= Eight-man football =

Form of gridiron football

Eight-man football is a form of gridiron football, generally played by high schools with smaller enrollments or by semi-professional leagues with limited players. Eight-man football differs from the traditional 11-man game with the reduction of three players on each side of the ball and a field width that can be reduced to 40 yards, 13 1/3 yards narrower than the 53 1/3-yard 11-man field. Most states continue to play on a field 100 yards long, whereas a few states opt for 80-yard lengths. Reduced-player football, which consists of eight-man, six-man, and nine-man football has gained popularity across the United States. As of 2015, 1,561 schools in 30 states sponsor reduced-player football, with 1,161 of those teams participating in eight-man leagues, whereas 284 teams play six-man football and 116 teams play nine-man football.

==Overview==
Eight-man football shares the same rules, procedures, and structure as the traditional 11-man game, with a few minor differences. Eight-man football is played with eight players on offense and defense, three fewer than the 11-man game. It depends greatly on the type of formation used, but the eliminated players are commonly two offensive tackles and a skill position player on offense and one defensive back, one linebacker and one defensive linemen on defense.
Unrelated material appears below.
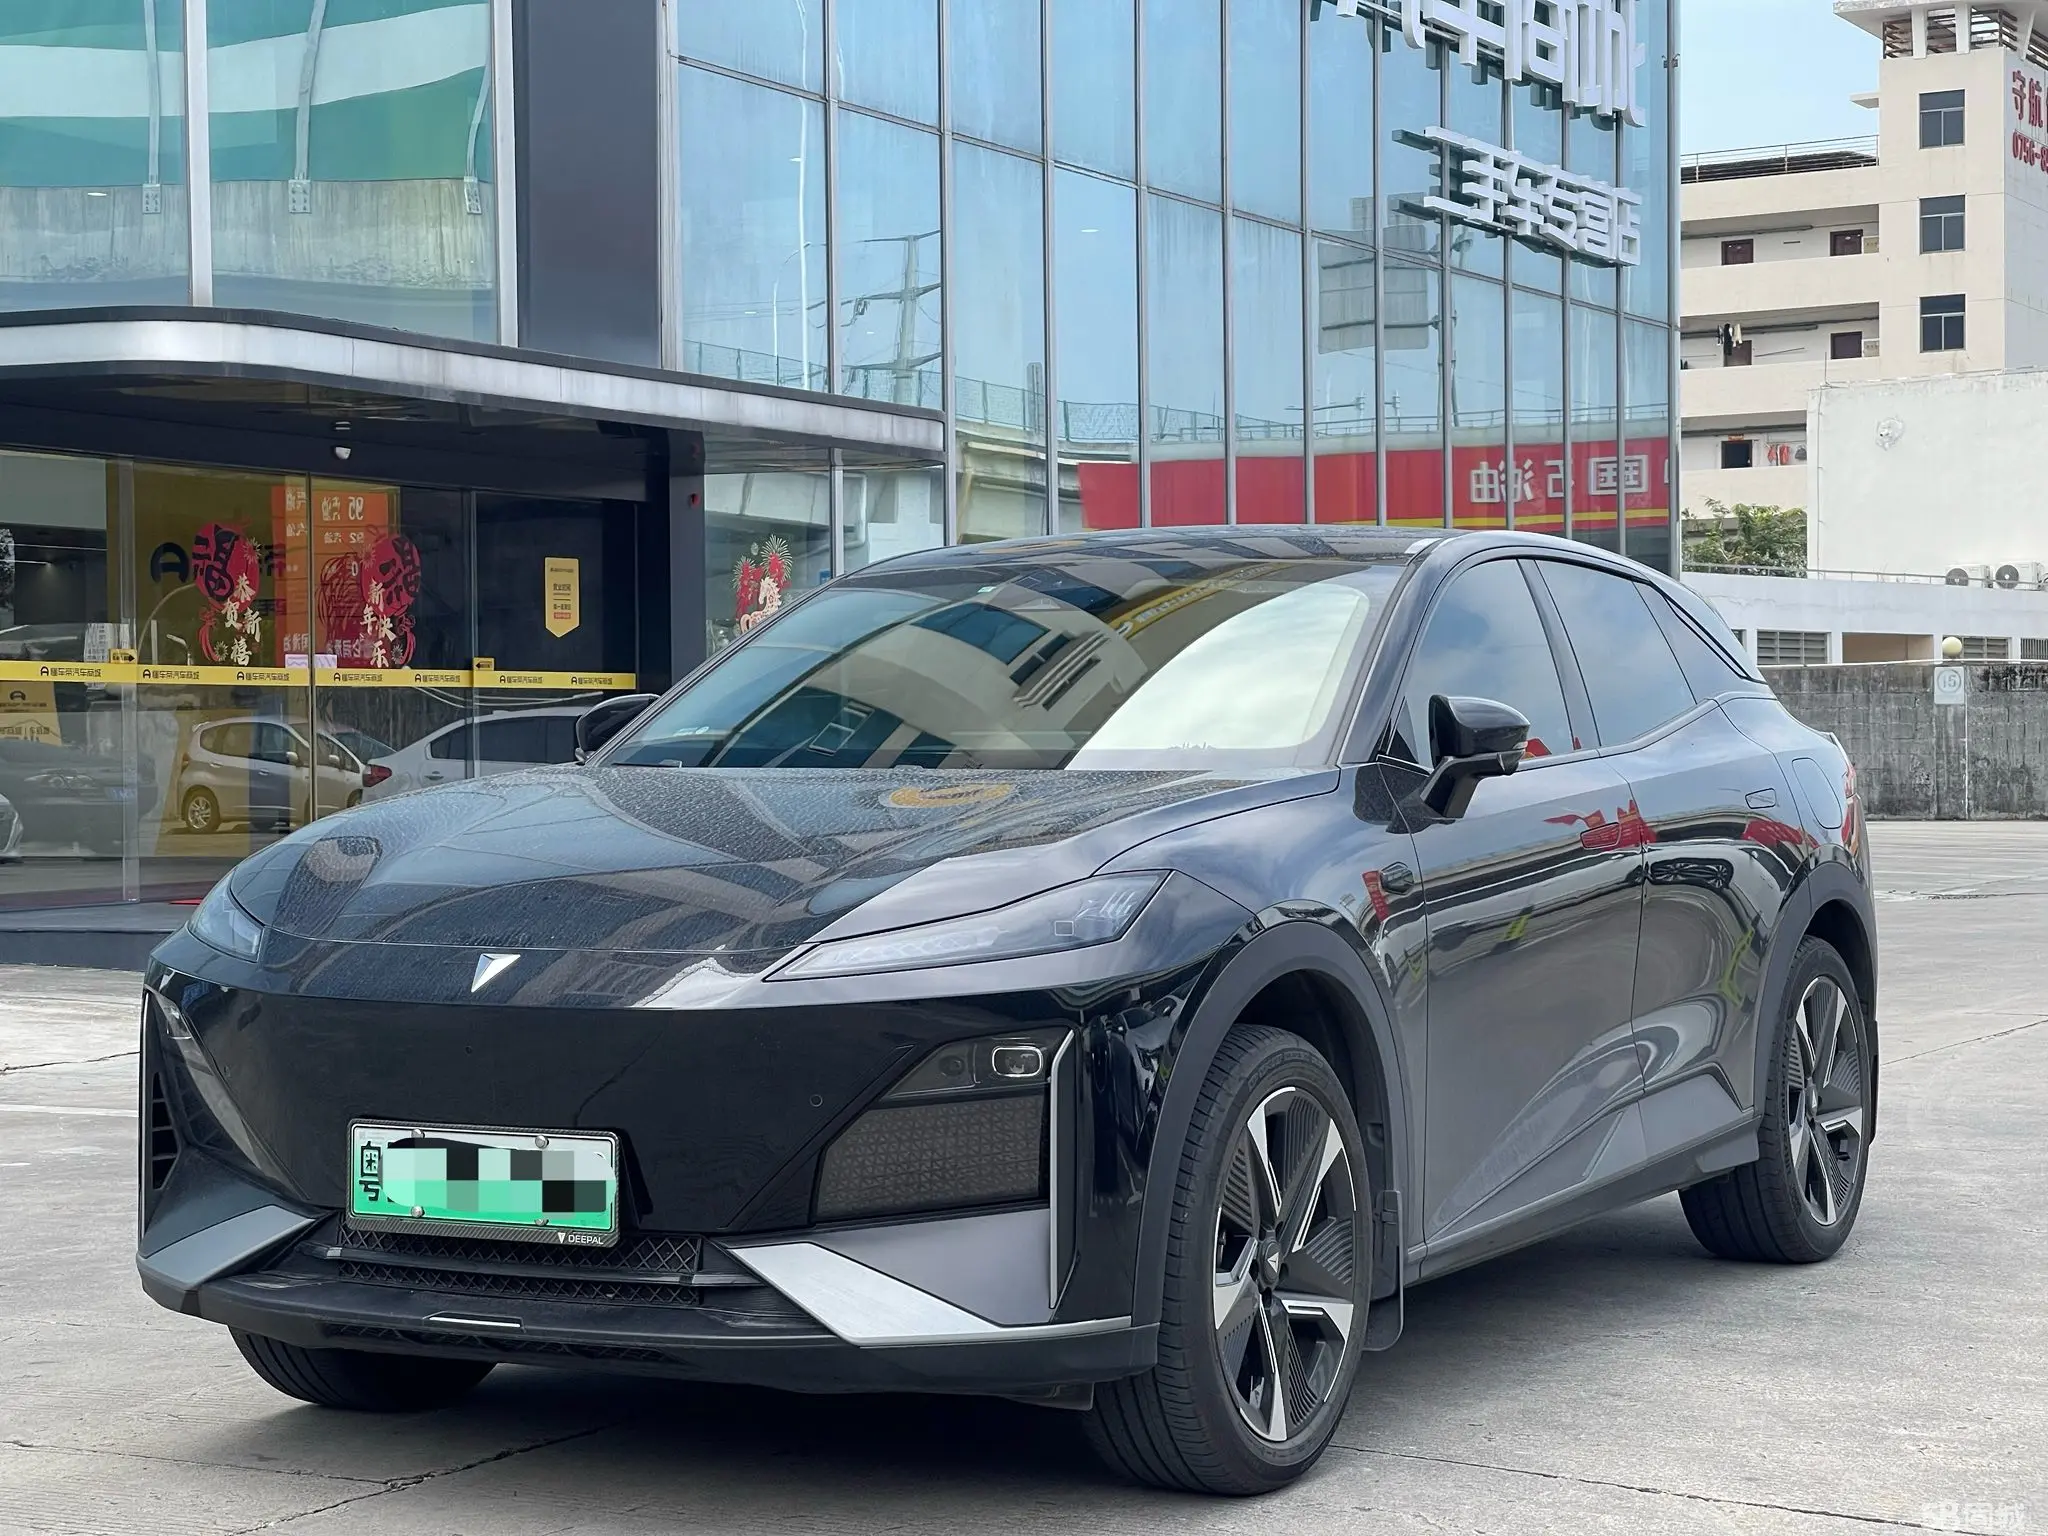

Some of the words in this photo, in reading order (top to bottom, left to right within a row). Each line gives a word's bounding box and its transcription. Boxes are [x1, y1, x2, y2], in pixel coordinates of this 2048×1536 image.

The size of the playing field is often smaller in eight-man football than in 11-man. To accommodate six fewer players on the field, the width of the field is 40 yd, 13 1/3-yards narrower than the 53 1/3-yard eleven-man field. Most eight-man leagues mandate 100-yard length fields, where few choose the 80 yd field length option.

There are several professional and semi-professional eight-man football leagues in the United States. The eight-man format was adopted by most indoor football leagues, including the Arena Football League and Indoor Football League; these leagues use a 50 yd by roughly 25 yd field. There are some non-high-school eight-man leagues that play outdoors; the semi-pro Eight Man Football League (8FL) in Illinois and Missouri played on a 60 yd field.

==Eight-man teams by state==

- Note: States with limited eight-man teams may be affiliated with out-of-state leagues.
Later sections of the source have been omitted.